O que ensina o latim...

"Quod non est in actis, non est in mundo" ("O que não está escrito, não existe")

terça-feira, 26 de março de 2013

As consequências do leilão da DECO


Ontem escrevi sobre os efeitos que espero que venham do leilão sobre o mercado mudando o comportamento dos consumidores: estes procuram o preço melhor com mais frequência e com maior sucesso, portanto exercendo força como um peso nos preços.

Hoje venho complementar essa análise com a estrutura de mercado, e portanto ver o impacto do leilão no mercado como um todo. Mas antes disso, deixem-me deixar claro que eu não conheço o mercado da electricidade de nenhuma forma em particular. Não sei como é regulado, como funciona, todos os concorrentes, a os custos, etc. Mas avanço, porque mesmo não sabendo, desconfio de alguns aspectos.

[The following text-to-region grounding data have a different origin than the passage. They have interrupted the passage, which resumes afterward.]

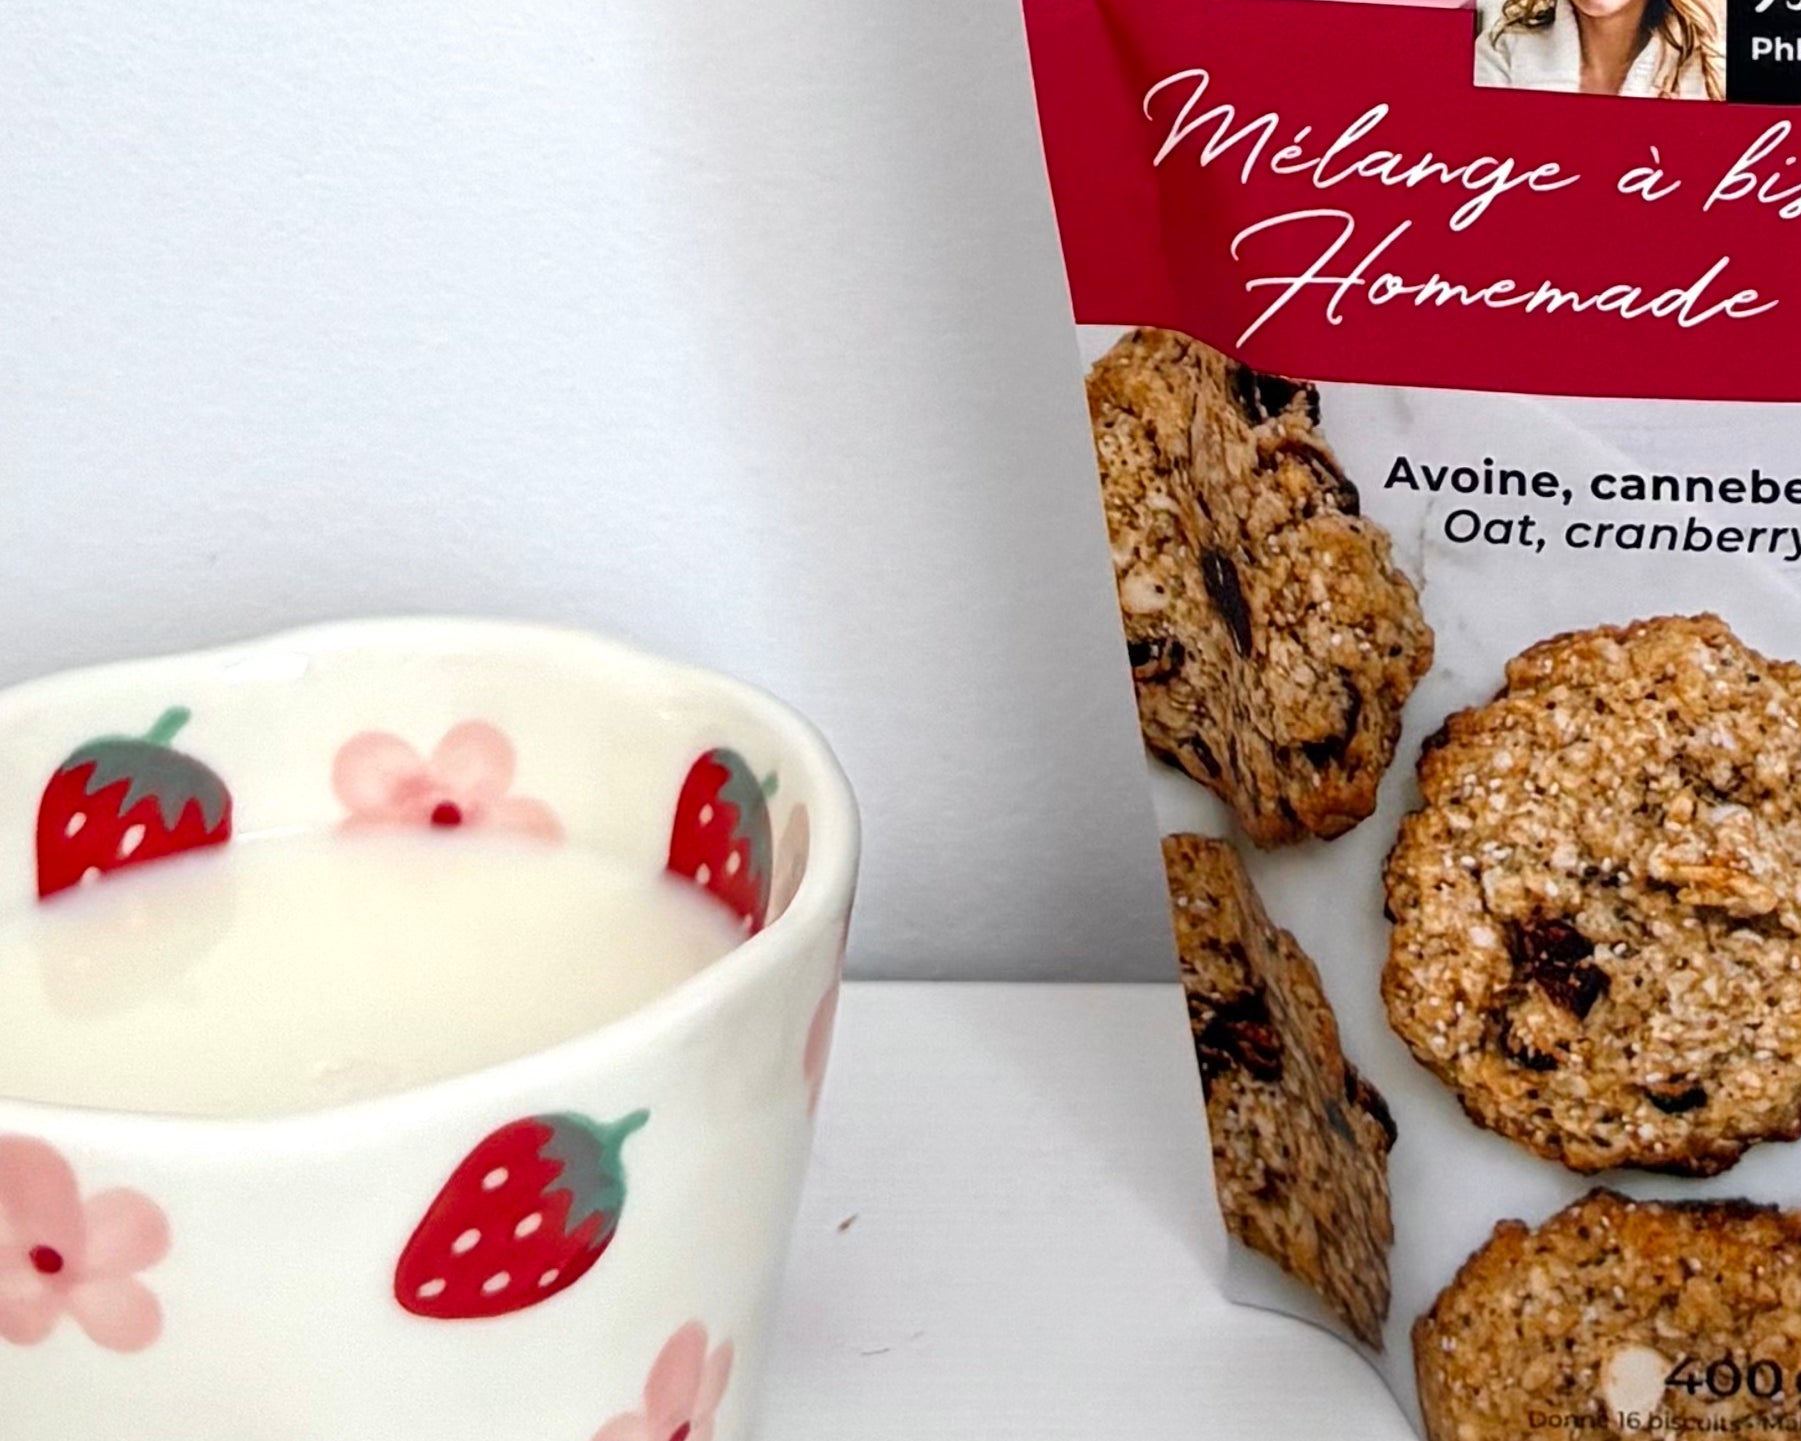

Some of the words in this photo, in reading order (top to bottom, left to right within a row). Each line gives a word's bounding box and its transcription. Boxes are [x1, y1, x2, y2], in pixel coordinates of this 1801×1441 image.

[1142, 68, 1581, 231] Mélange
[1616, 146, 1682, 202] à
[1230, 208, 1779, 348] Homemade
[1384, 456, 1573, 506] Avoine,
[1444, 509, 1546, 553] Oat,
[1664, 1357, 1783, 1397] 400
[1618, 1411, 1641, 1429] 16
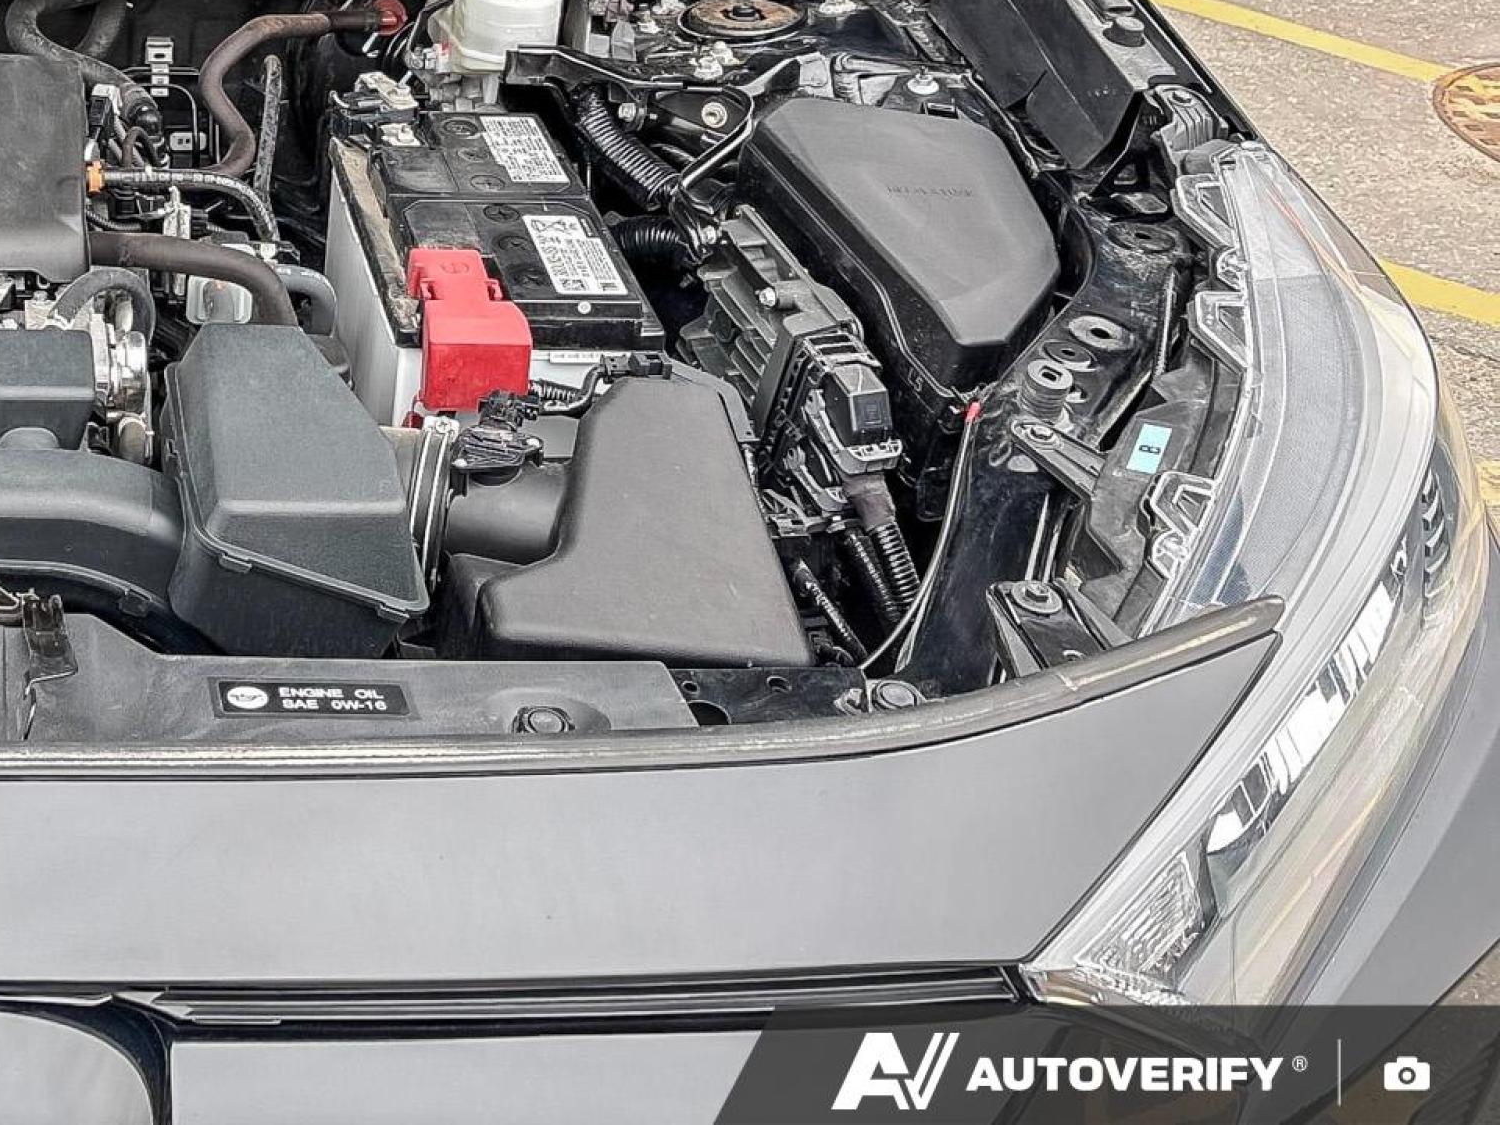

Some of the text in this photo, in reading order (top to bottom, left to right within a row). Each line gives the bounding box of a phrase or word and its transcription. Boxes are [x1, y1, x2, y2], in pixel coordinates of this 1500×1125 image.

[277, 686, 385, 699] ENGINE OIL
[281, 698, 388, 711] SAE 0W-16

Adiante. Eis como vejo esse mercado (de consumo doméstico): a EDP detém o monopólio da produção, mas o mercado tem uma franja competitiva (Endesa, Iberdrola e Fenosa). A franja tem todo o interesse em crescer para ganharem escala e apossarem-se de parte do lucro da EDP, a EDP tem tudo o interesse que as pequenas continuem pequenas, para que não magoem os lucros da EDP. É esta a dinâmica que justifica o sucesso do leilão do lado da oferta.

Mas agora reparem, o mercado é um monopólio. Pode ter outros concorrentes, mas é essencialmente um monopólio, porque a EDP tem poder de mercado, é capaz de definir preços. E como qualquer aluno de Microeconomia sabe: com discriminação de preços, um monopólio é capaz de aumentar os seus lucros ainda mais. Se o produtor é capaz de identificar quanto cada um de nós está disposto, o chamado preço de reserva, ele pode comprar esse preço e portanto extrair todo o excelente do consumidor, aumentando o seu lucro.

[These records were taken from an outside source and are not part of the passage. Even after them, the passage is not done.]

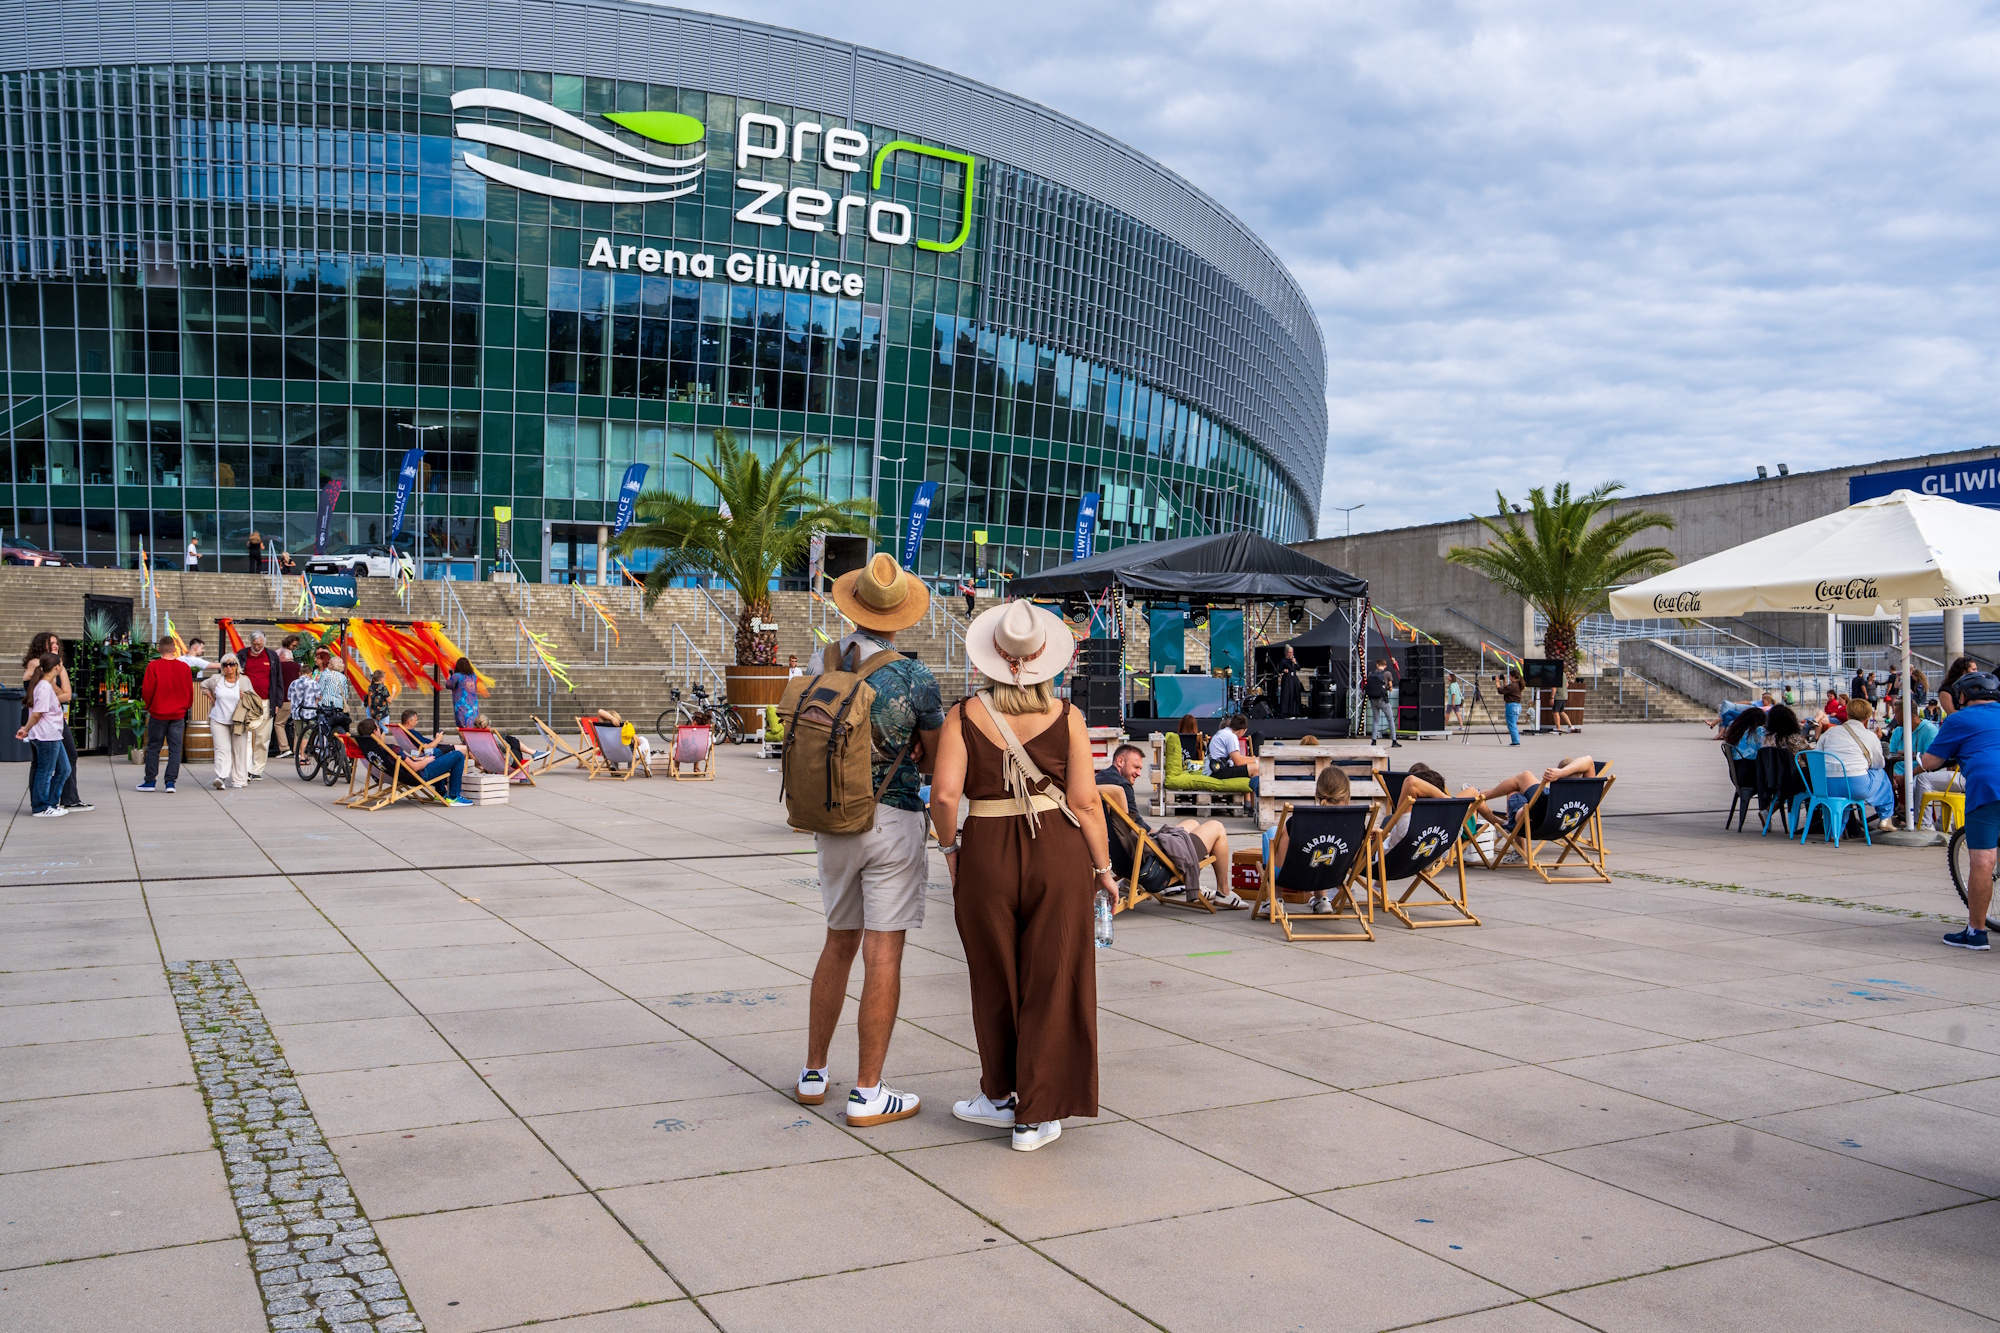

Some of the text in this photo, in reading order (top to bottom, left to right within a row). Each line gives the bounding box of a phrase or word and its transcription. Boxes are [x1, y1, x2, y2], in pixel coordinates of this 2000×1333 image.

[738, 112, 868, 173] pre
[735, 178, 912, 245] zero
[587, 236, 864, 297] Arena Gliwice
[1921, 468, 2000, 495] GLIWI
[905, 512, 922, 559] GLIWICE
[1076, 521, 1088, 562] LIWICE
[312, 585, 347, 596] TOALETY
[1653, 591, 1702, 613] Coca-Cola
[1815, 577, 1880, 602] Coca-Cola
[1301, 834, 1349, 855] HARDMADE
[1411, 825, 1449, 846] HARDMADE

E, o que o leilão acabou de fazer foi mesmo isso! A DECO acabou de criar um mecanismo que separa aqueles que estão dispostos a pagar mais pela electricidade que os outros. Este leilão acaba por separar aqueles que se dão ao trabalho de procurar preços mais baixos e têm informação, daqueles que não têm informação, são desconfiados da mudança e não se dão ao trabalho de procurar melhores preços, e portanto pagam mais como consequência.


Na prática passamos de ter um mercado de electricidade, para dois, porque o produtor é capaz de discernir os consumidores agora: um para os preguiçosos e outro para os pesquisadores. No primeiro caso temos uma curva da procura muito inelástica, e no segundo uma mais elástica.

Naturalmente, como a estrutura de custos é a mesma, mas a elasticidade da procura é inferior no primeiro caso, o preço será superior no mercado dos preguiçosos do que no mercado dos pesquisadores.


Portanto, uma consequência deste leilão seria o aumento do preço para aqueles que não aderiram ao leilão, caso não houvesse um regulador e se as empresas fizessem actualizações imediatas para o preço óptimo. Mas já que se admite que há rendas no sector energético, isto é, lucro excessivos então diria este regulador não faz um trabalho de primeira na defesa do consumidor.

No fim temos duas boas razões para aderir ao leilão da DECO: entrasse no mercado liberalizado a um preço menor do que seria noutro caso e evita o aumento do preço por ficar no mercado dos preguiçosos.